What Caché gives us is tight integration between the language and the database system, so in that way the choice isn't really between Caché ObjectScript and Python, it's more between PL/pgsql or PL/Python and Caché ObjectScript. Once you go there you'll realise that the code that's written in ObjectScript isn't really affected that much by the choice of programming language anyway. And PL/Python isn't really something you'd want to write a production system in anyway. Between that and built-in ORM, things really aren't that bad.
And 100x readability improvement is just wrong. Sorry, it is. Sure, that may apply to some old MUMPS code that survived the 70s when disk space was sparse but even this is fairly straightforward to expand into something quite readable. We do have syntax highlighting, function calls look the same, and assigning a value to an object is 'set object.Property = "blah"' instead of 'object.Property = "blah"', a difference that's quite trivial.
That's not to say the lack of libraries isn't annoying, but everything really important is there in the right places. I've written a decompressor for tar.gz in about 34 quite readable lines, with error handling and all. gzip is built in these days so it's really mostly .tar I needed to worry about. Alternatively, calling out is just a matter of $zf(cmdLine, -1). Similarly, I've just put chosen (https://github.com/harvesthq/chosen) into our web application, based on Caché. It was easy enough to do.
And it's a pretty top-notch fast SQL implementation with a nice built-in language and a nice ORM and lots of other bonuses like full-text search and bitmap indices and OLAP cubes (yes, it speaks MDX even) if nothing else.

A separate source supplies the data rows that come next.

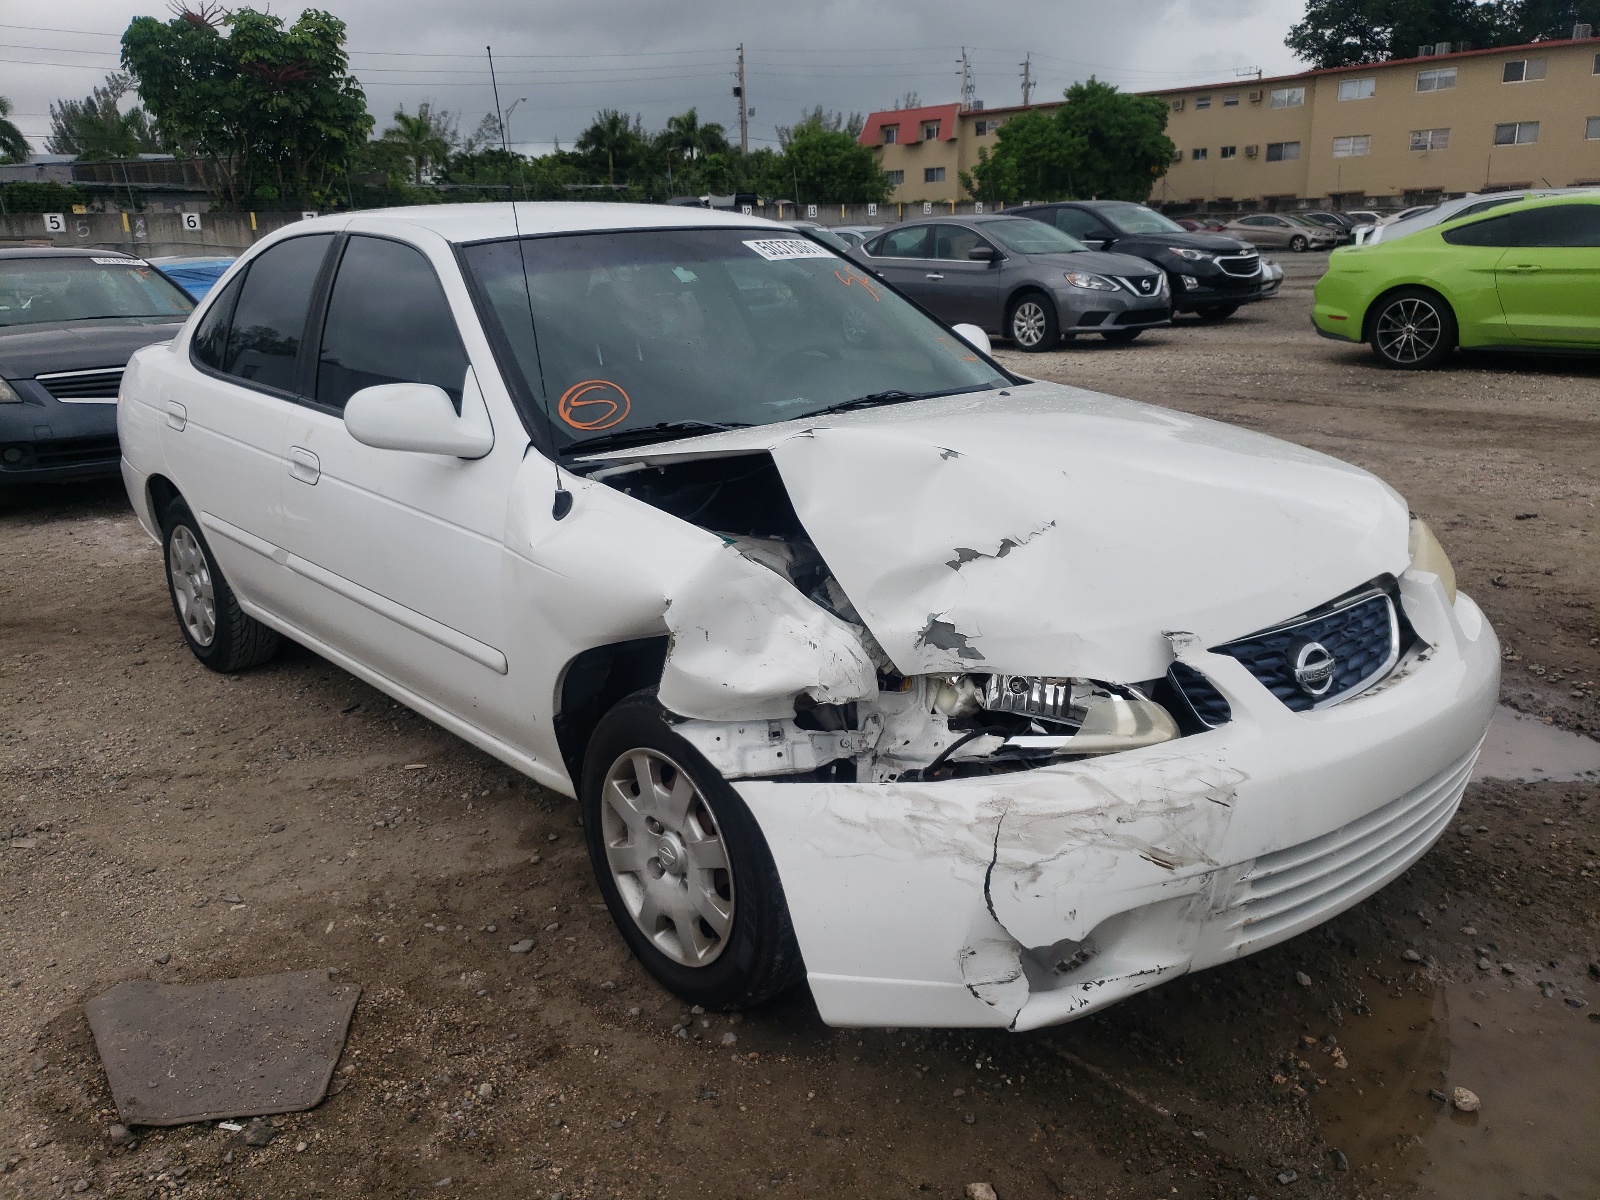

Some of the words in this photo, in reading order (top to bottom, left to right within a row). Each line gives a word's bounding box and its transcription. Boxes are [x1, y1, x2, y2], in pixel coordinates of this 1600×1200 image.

[809, 206, 817, 217] 13
[869, 205, 876, 215] 14
[924, 204, 931, 214] 15
[49, 215, 61, 230] 5
[76, 219, 90, 238] 5
[186, 214, 197, 229] 6
[564, 385, 618, 428] S
[1302, 660, 1335, 682] NISSAN
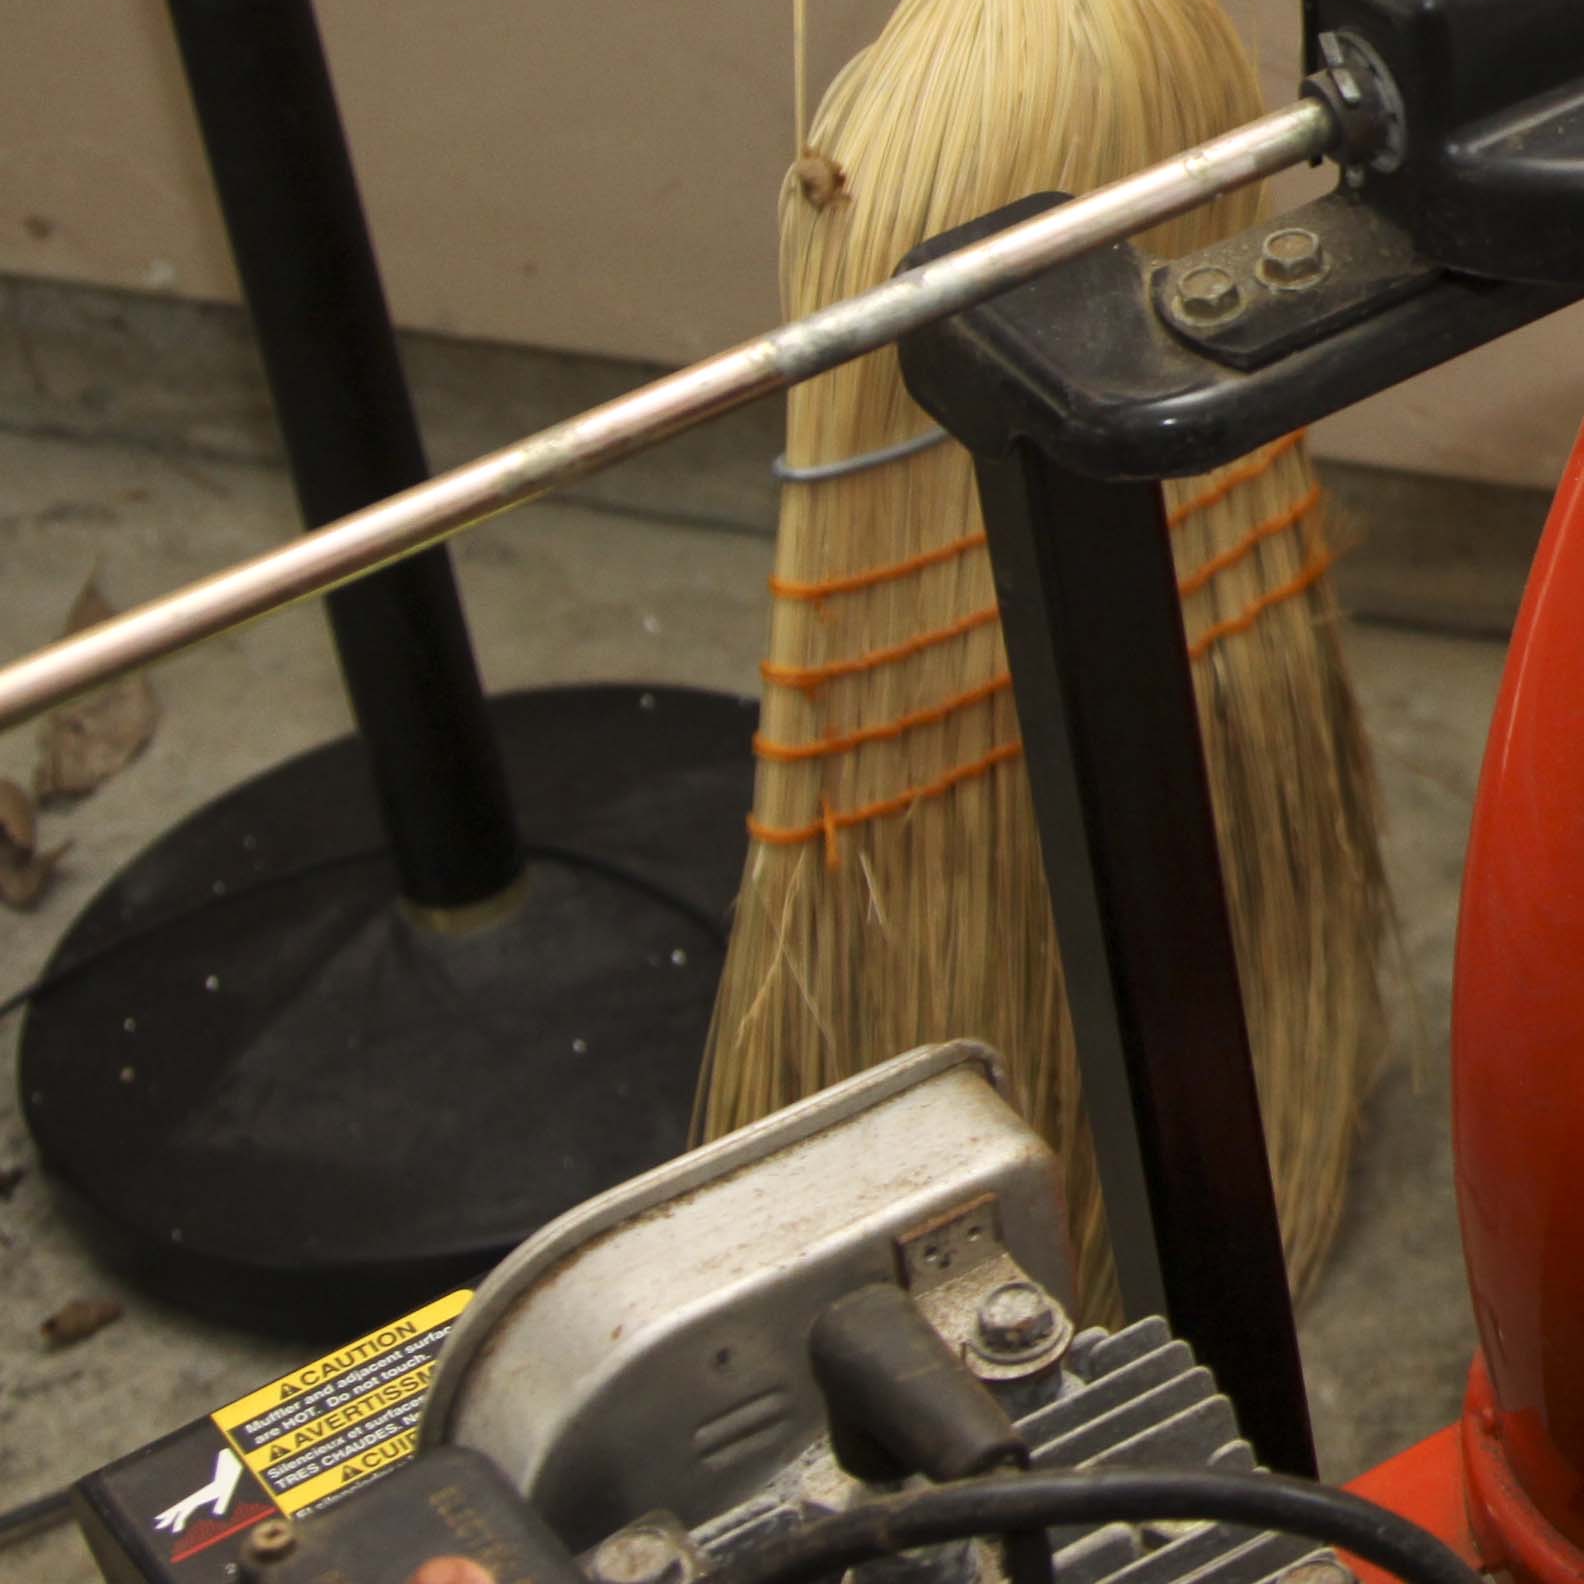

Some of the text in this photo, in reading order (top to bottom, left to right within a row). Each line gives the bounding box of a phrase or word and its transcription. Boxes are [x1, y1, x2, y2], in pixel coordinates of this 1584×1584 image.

[300, 1322, 416, 1384] CAUTION
[244, 1400, 302, 1434] Muffler
[302, 1382, 336, 1406] and
[334, 1349, 404, 1390] adjacent
[252, 1352, 432, 1445] are HOT. Do not touch.
[266, 1434, 346, 1480] Silencieux
[346, 1426, 364, 1440] et
[274, 1462, 320, 1490] TRES
[319, 1422, 403, 1467] CHAUDES.
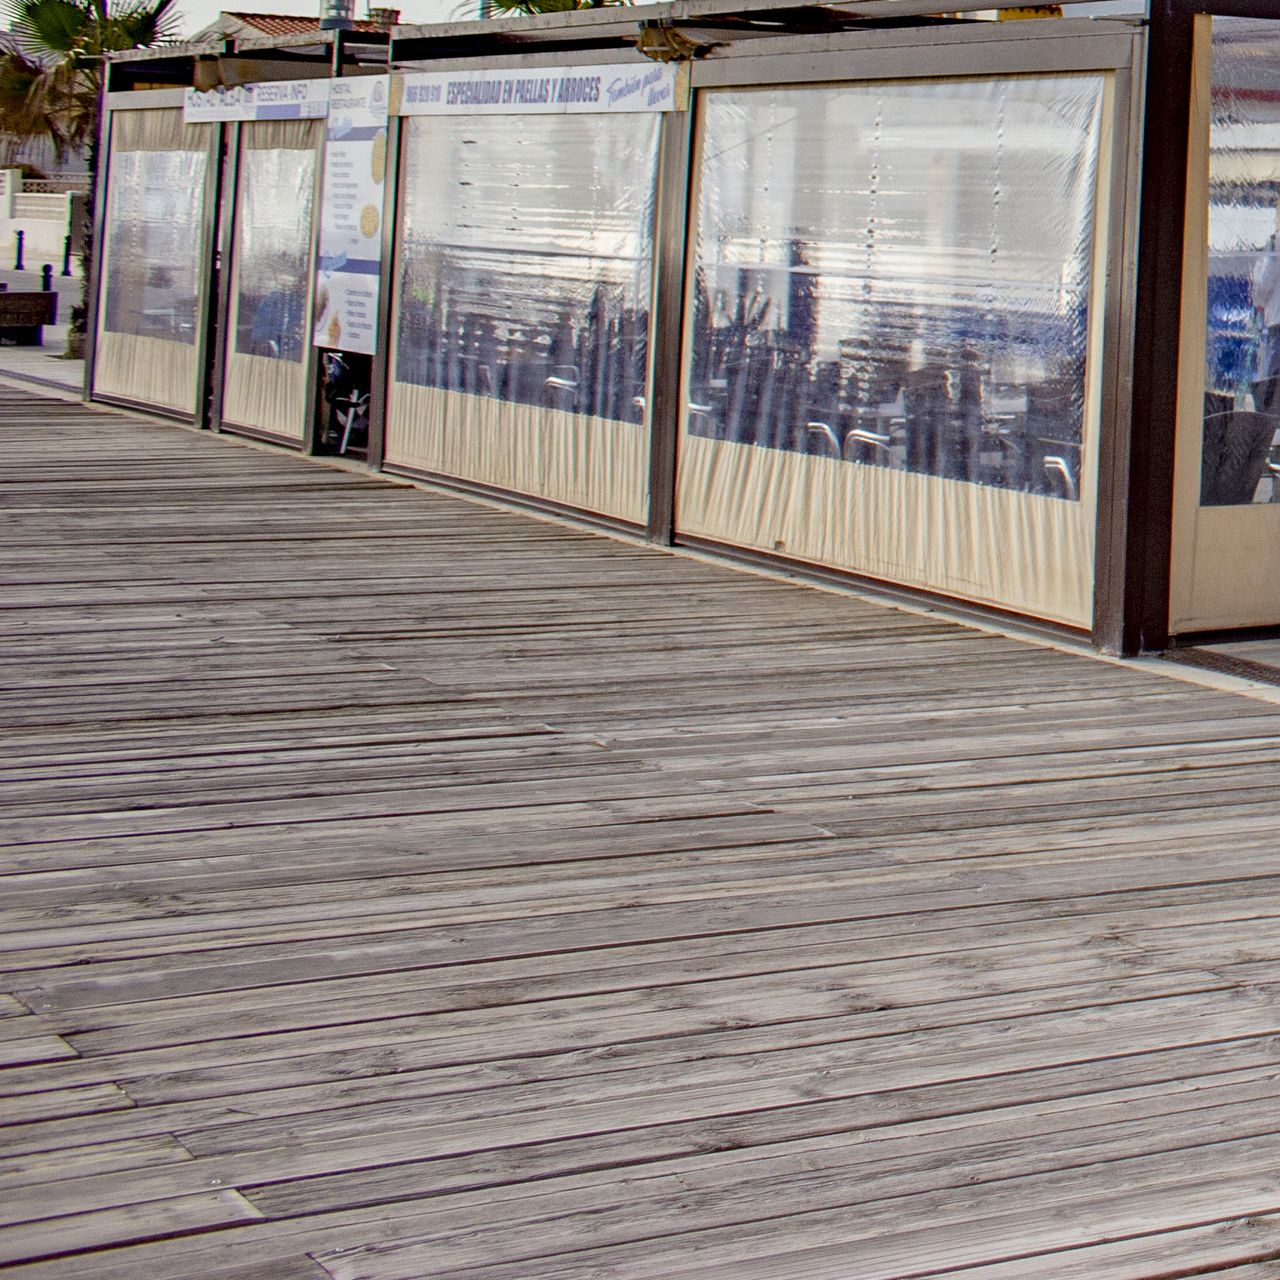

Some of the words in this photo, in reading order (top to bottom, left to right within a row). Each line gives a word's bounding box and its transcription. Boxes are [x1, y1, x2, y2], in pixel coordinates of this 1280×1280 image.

[446, 80, 501, 104] ESPECIALIDAD
[502, 80, 514, 103] EN
[514, 78, 550, 103] PAELLAS
[550, 77, 559, 102] Y
[556, 76, 601, 103] ARROCES

For one thing, there's not much of an incentive to port hundreds of thousands of lines of working legacy code to a different language just to make it more readable. Its age isn't a relevant issue either - sure, MUMPS debuted in 1966, but InterSystems Caché and GT.M are still being actively developed. Other databases are pretty old, too - the first version of Oracle was written in 1978.
If Caché had no strengths, I would agree with you, but as a non-relational database, it's pretty good. Sparse associative arrays are the default data structure, so it's very popular in, e.g., medical applications, where you would want to be able to store thousands of different things, but any given patient will only need a few of them.
> Sparse associative arrays are the default data structure, so it's very popular in, e.g., medical applications, where you would want to be able to store thousands of different things, but any given patient will only need a few of them.
Caché has really been moving away from that though... CacheStorage stores data in a big list in the *D globals.
I think the power in CacheStorage really comes from the indices and - very relevantly to the healthcare industry - all the relationships. They've got a very complex schema they need to support and Caché continues to be pretty good at that kind of thing - see the implicit joins in their SQL variety for example or Zen.
Unfortunately at my company we don't get to use the fancier Caché features. We have to stick to ANSI M.
We do make a lot of use of indices, though. Finding records can be incredibly fast.
1 reply →
It's all legacy stuff, the incentive not to port is that it's too hard to do so. Most of the intersystems cutomers I have worked with want to move away to something more modern but cant.
> Most of the intersystems cutomers I have worked with want to move away to something more modern but cant.
We're pretty happy with it. If, theoretically, we'd need to start from scratch, it'd would definitely be in our top very very few choices. Not least of all because of things like DeepSee.
I could certainly think of things much worse than Caché.